--- START ---

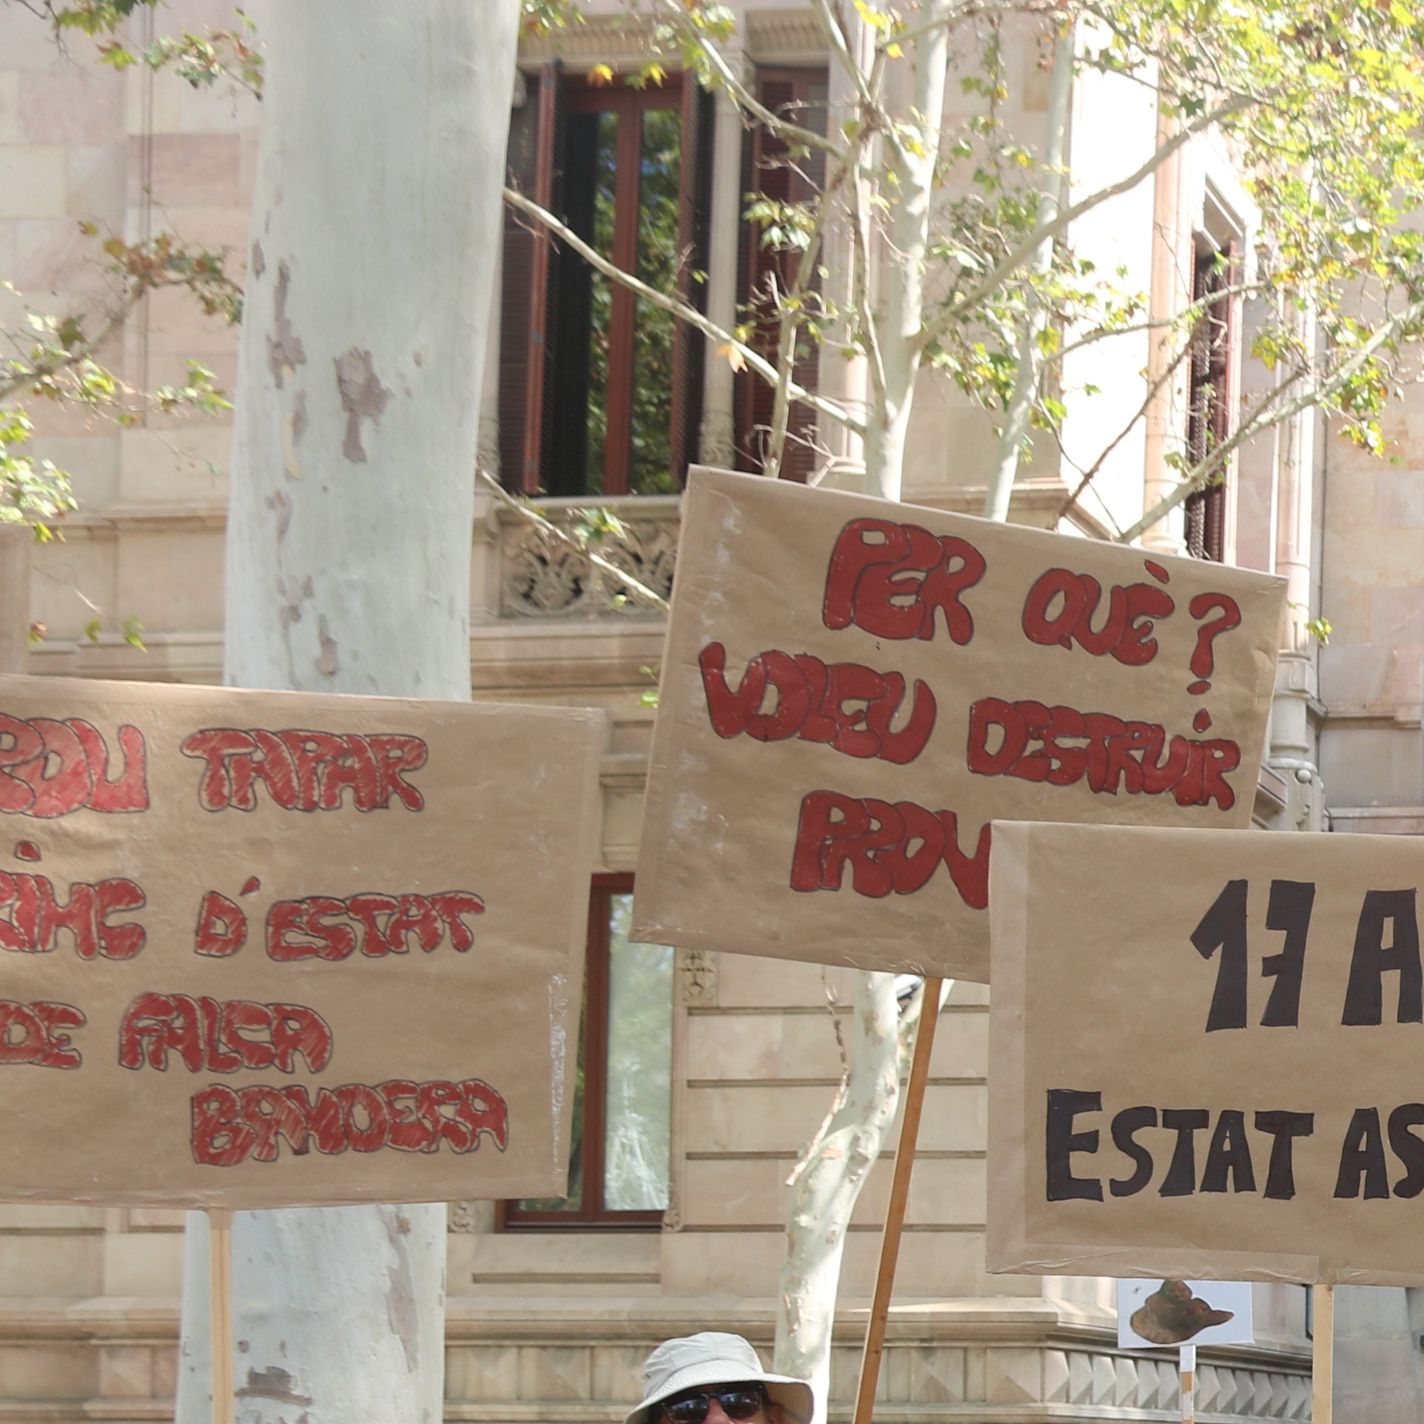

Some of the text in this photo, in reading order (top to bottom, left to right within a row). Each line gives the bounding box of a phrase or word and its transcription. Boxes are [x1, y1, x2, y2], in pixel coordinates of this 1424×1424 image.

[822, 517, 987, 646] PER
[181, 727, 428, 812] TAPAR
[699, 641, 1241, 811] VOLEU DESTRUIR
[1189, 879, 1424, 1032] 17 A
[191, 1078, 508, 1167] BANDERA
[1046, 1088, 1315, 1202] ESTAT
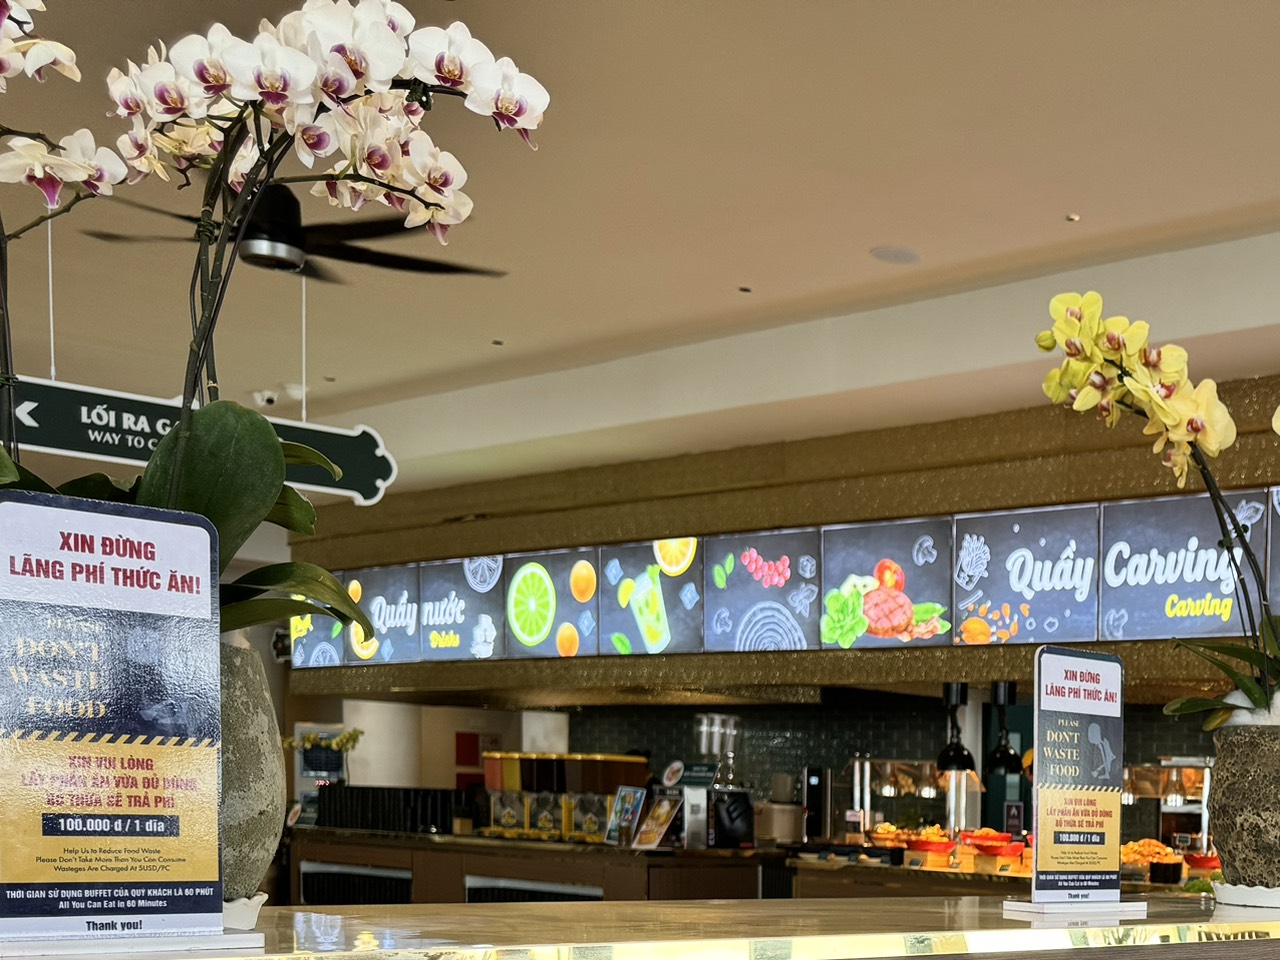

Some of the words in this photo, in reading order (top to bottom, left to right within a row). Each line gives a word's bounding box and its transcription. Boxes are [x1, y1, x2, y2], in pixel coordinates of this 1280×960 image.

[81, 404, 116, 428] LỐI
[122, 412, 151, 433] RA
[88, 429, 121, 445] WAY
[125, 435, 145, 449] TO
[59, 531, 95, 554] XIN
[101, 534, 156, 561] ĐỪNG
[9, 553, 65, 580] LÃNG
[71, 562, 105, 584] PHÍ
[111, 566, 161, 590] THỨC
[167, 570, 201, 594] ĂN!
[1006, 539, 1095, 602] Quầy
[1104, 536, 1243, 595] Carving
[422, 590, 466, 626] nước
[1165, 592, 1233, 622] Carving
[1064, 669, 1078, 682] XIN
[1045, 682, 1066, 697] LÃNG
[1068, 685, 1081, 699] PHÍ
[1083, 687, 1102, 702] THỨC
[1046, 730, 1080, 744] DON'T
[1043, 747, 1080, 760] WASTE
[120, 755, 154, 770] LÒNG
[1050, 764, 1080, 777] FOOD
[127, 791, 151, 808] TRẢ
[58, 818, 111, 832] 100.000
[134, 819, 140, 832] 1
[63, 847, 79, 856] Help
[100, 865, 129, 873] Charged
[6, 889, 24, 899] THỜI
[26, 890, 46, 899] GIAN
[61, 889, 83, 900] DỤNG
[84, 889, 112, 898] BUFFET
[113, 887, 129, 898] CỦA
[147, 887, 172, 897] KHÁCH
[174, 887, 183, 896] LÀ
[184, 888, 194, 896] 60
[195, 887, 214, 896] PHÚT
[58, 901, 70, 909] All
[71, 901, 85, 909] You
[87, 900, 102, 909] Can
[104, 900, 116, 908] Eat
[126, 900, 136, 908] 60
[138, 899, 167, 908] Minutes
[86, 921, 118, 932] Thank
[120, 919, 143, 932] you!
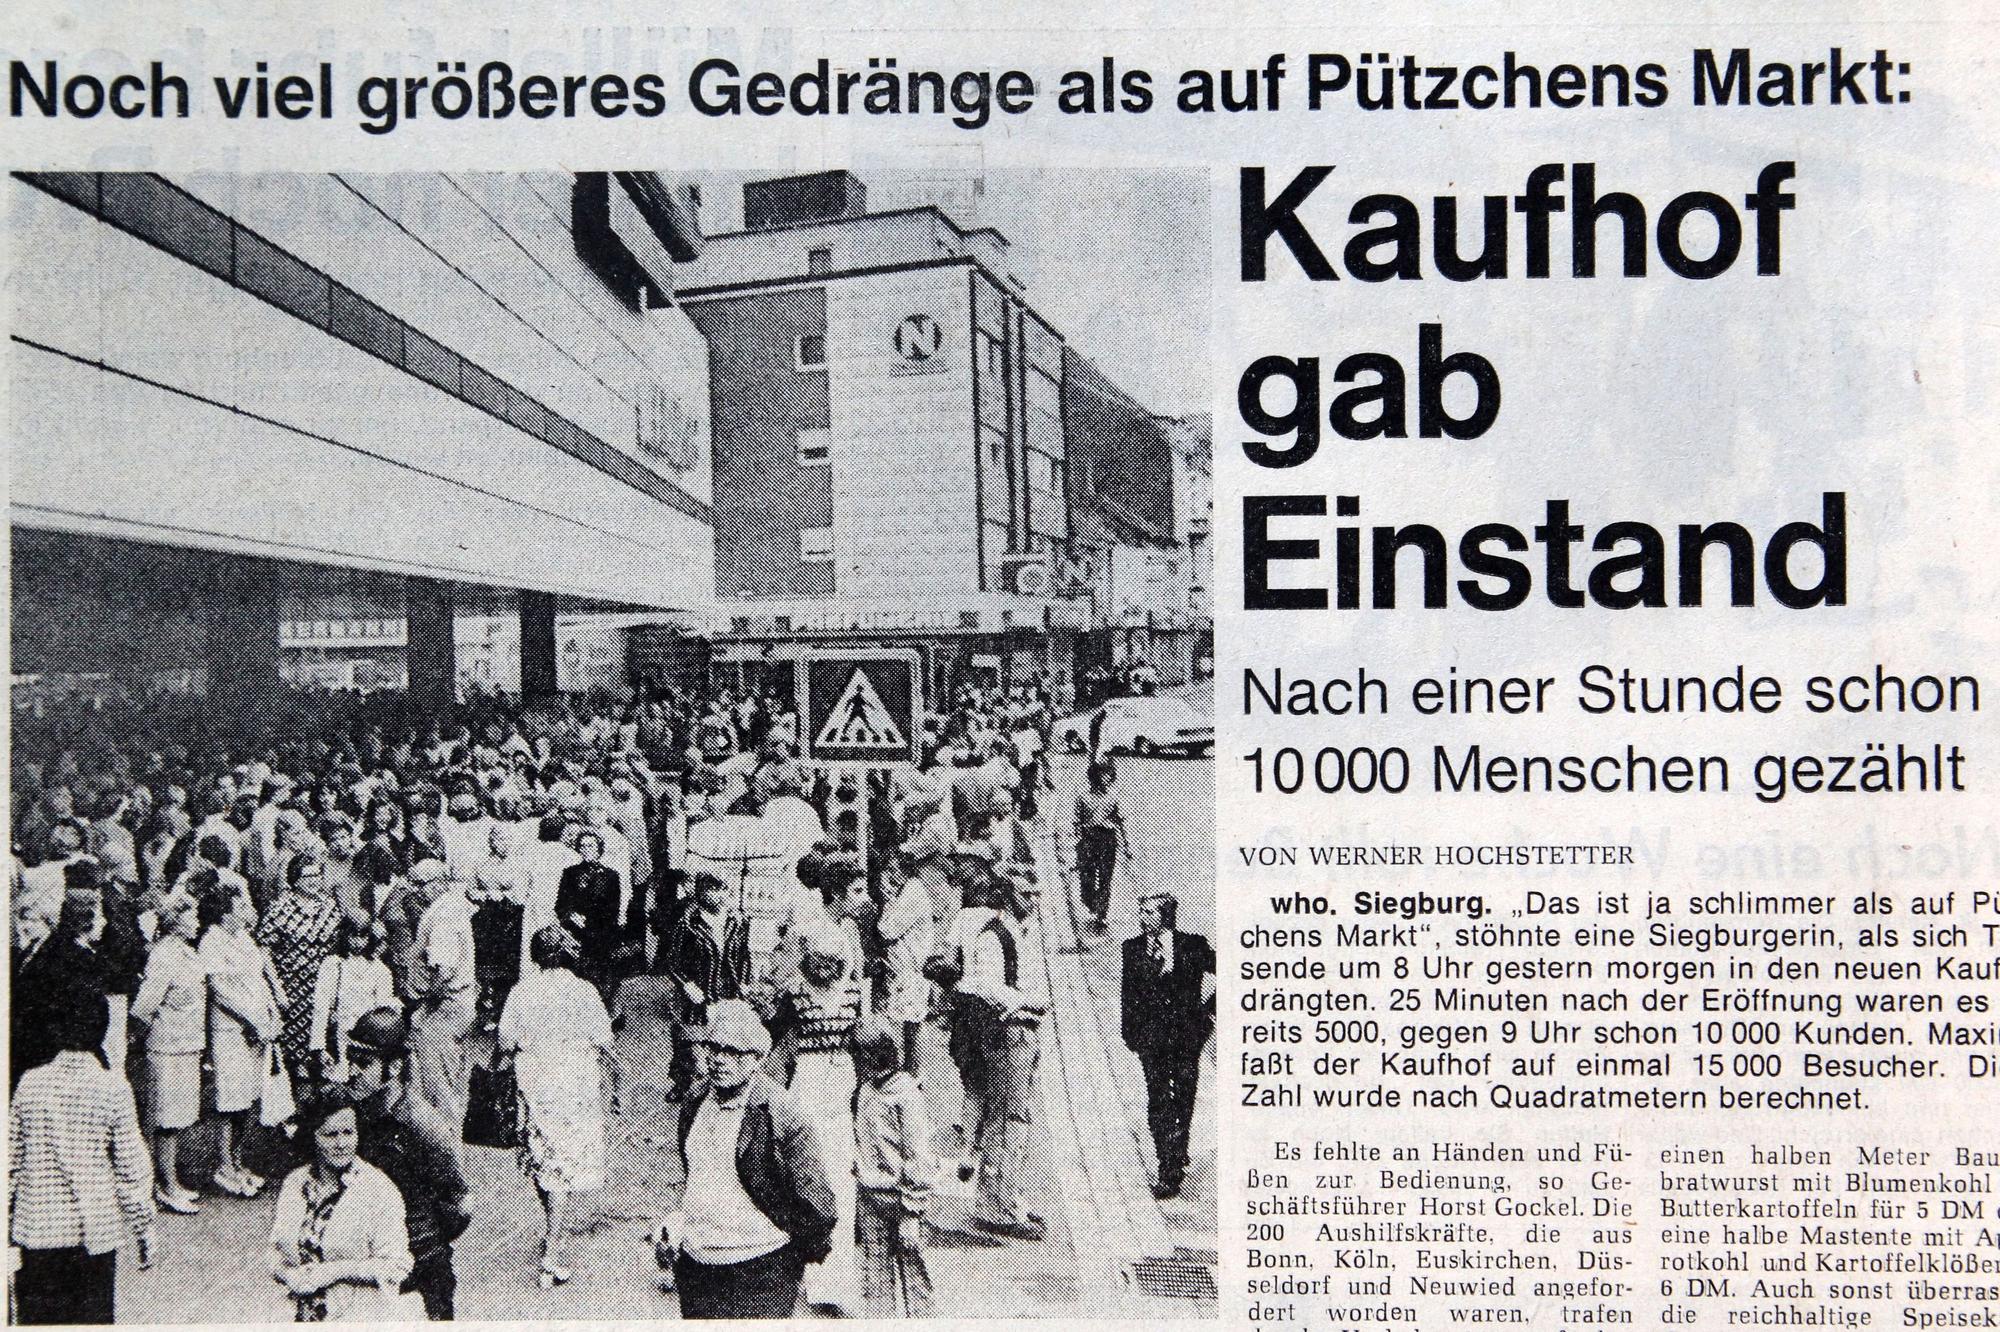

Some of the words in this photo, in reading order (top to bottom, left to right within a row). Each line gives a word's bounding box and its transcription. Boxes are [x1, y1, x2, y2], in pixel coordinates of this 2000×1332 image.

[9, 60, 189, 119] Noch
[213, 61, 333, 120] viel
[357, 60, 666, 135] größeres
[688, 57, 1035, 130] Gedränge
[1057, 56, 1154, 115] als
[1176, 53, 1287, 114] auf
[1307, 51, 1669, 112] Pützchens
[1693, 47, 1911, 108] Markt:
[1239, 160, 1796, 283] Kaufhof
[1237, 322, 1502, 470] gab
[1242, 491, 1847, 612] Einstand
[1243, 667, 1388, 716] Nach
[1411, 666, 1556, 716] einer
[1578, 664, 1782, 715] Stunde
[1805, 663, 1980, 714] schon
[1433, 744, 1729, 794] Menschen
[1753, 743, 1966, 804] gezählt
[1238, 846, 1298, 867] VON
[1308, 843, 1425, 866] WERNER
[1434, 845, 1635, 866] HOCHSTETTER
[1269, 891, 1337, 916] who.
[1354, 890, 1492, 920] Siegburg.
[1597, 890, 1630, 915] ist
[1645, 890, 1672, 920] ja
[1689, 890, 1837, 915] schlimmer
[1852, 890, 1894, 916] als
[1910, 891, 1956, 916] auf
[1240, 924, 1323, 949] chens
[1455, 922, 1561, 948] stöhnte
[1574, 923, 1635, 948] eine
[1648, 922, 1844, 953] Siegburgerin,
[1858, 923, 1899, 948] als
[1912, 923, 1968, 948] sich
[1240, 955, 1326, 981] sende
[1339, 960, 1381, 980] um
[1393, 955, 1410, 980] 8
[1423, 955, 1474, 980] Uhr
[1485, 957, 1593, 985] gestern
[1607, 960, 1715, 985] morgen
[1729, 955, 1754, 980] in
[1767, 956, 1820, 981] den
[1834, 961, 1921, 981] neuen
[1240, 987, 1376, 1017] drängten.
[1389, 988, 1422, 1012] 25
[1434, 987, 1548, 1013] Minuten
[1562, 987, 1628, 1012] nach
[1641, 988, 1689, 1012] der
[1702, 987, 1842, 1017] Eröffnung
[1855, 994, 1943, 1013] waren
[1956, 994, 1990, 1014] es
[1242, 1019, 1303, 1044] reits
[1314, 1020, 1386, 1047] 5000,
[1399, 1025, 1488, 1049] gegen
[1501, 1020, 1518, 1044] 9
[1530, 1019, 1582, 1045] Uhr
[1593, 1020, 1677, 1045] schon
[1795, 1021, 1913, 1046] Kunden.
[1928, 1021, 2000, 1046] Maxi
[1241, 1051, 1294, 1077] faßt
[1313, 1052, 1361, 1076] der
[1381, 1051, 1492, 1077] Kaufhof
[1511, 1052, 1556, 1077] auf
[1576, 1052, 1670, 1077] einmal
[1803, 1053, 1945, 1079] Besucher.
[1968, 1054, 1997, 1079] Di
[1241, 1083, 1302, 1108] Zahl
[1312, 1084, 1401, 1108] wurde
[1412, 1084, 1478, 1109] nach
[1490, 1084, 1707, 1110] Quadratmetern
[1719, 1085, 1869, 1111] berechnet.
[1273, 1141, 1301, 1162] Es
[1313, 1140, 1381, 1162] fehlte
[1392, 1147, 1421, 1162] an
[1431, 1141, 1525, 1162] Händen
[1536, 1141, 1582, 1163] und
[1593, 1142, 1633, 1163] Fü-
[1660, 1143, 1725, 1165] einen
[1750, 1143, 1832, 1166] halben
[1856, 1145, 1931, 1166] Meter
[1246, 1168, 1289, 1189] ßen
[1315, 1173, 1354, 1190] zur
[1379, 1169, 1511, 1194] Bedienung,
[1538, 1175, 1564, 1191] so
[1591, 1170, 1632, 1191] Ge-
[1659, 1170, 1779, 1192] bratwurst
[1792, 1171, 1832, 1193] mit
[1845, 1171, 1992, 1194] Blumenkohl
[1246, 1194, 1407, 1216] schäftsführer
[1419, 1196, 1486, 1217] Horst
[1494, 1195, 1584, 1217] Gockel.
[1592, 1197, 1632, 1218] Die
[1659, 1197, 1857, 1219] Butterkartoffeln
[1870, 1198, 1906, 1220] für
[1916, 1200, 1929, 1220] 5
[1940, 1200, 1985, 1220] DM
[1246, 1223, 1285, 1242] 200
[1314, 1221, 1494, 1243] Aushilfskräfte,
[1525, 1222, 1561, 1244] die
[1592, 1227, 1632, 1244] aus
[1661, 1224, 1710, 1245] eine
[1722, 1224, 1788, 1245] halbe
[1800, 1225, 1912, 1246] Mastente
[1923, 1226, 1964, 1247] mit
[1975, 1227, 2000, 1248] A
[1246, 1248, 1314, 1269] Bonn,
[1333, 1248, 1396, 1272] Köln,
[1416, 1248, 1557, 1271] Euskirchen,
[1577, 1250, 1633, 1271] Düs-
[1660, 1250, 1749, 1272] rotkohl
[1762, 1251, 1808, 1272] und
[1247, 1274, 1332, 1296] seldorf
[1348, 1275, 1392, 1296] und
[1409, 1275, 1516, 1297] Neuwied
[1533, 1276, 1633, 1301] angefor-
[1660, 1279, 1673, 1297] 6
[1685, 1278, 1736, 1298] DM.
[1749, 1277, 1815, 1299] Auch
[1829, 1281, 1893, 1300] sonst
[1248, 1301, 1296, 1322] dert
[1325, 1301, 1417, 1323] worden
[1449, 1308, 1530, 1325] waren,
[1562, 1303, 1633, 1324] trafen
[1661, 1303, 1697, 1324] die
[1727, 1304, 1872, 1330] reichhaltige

--- END ---

§ **YOUR GOAL**: Only the lines that contain the string "photo" are to be copied from the records.

§ **RESPONSE**:
Some of the text in this photo, in reading order (top to bottom, left to right within a row). Each line gives the bounding box of a phrase or word and its transcription. Boxes are [x1, y1, x2, y2], in pixel coordinates of this 1424×1424 image.
Some of the words in this photo, in reading order (top to bottom, left to right within a row). Each line gives a word's bounding box and its transcription. Boxes are [x1, y1, x2, y2], in pixel coordinates of this 1280×960 image.
Some of the words in this photo, in reading order (top to bottom, left to right within a row). Each line gives a word's bounding box and its transcription. Boxes are [x1, y1, x2, y2], in pixel coordinates of this 2000×1332 image.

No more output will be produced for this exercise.